Doing a records search I found the Mortgage. The form states "Florida Single Family Fannie Mae.Freddie Mac Uniform Instrument". So one of the two I guess is holding the property.


----------



## BRADSConst (Oct 2, 2012)

rrogers66 said:


> I am assuming it is not pre-foreclosure...the home is listed for sale by the broker, That is how I got his number!!!


Don't necessarily assume that. Around here, there are a ton of preforeclosures that are trying to be sold as a short sale. When that's the case, I don't waste my time bidding anything. The property is in such a state of limbo that nothing will happen.... Just my experience.


----------



## BRADSConst (Oct 2, 2012)

rrogers66 said:


> Doing a records search I found the Mortgage. The form states "Florida Single Family Fannie Mae.Freddie Mac Uniform Instrument". So one of the two I guess is holding the property.


With that being the case, follow Gypsos advice. If my memory is still good, the broker can spend up to $500 and file it on a form 501C (I think) and then they don't need to involve the SAMS vendor.

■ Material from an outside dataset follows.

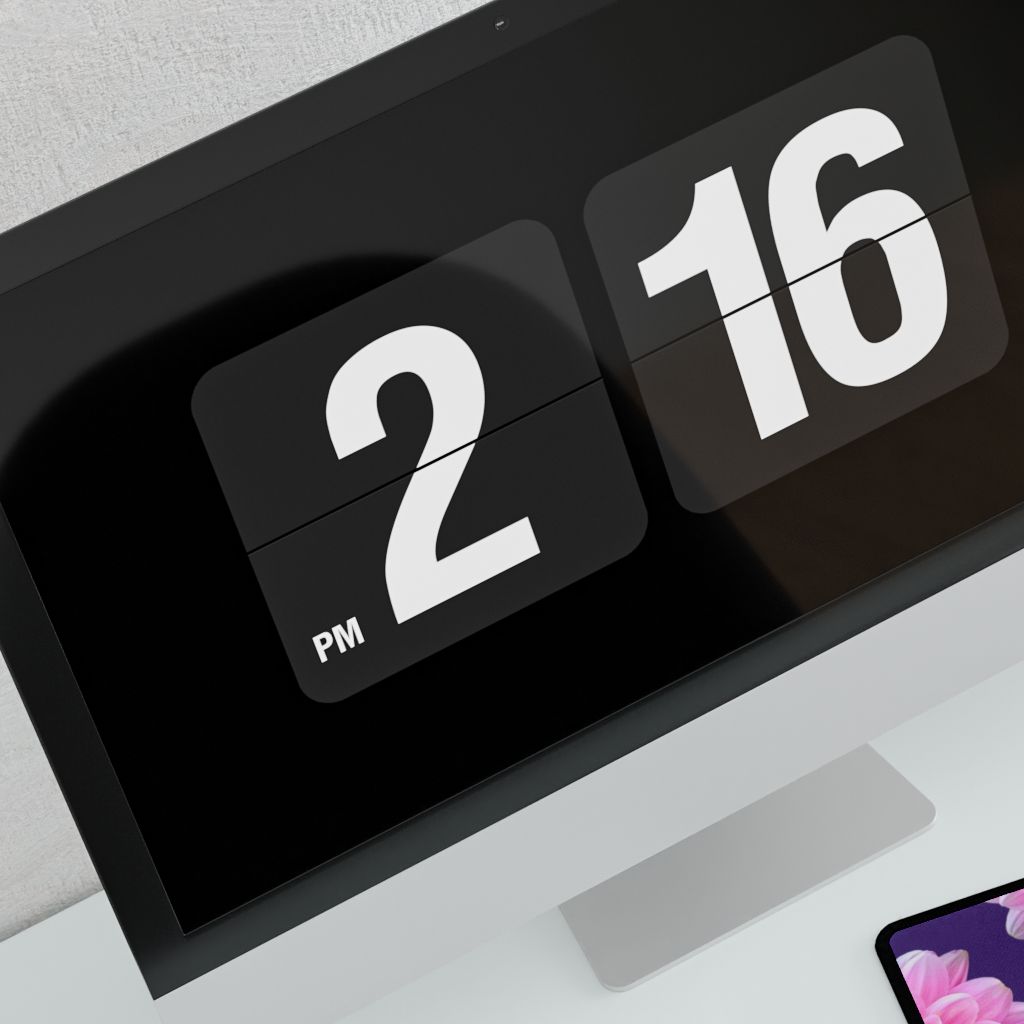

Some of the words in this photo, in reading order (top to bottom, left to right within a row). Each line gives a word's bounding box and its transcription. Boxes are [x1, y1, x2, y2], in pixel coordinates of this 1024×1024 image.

[326, 326, 540, 630] 2
[638, 108, 947, 439] 16
[313, 617, 364, 663] PM

Anything over that and you are most likely wasting your time UNLESS you have a great relationship with that broker. The SAMS vendor will get brought in to bid and they'll use FNMA's  chitty unit pricing.


----------



## rrogers66 (Sep 30, 2013)

http://www.kw.com/homes-for-sale/getListHubListingDetailPrint.action?lhKey=3yd-HCARFL-2148465

Here is the link for listing. No indication of a short sale. It is listed @ $315,000 property appraiser value of $268,000.


----------



## shsr (Jan 30, 2013)

For FNMA, 571 work can be completed by any contractor the broker chooses up to $500. In certain cases more expensive landscaping jobs (up to $2000) can be done by a 571 (non-SAM) vendor if there is a second bid.


----------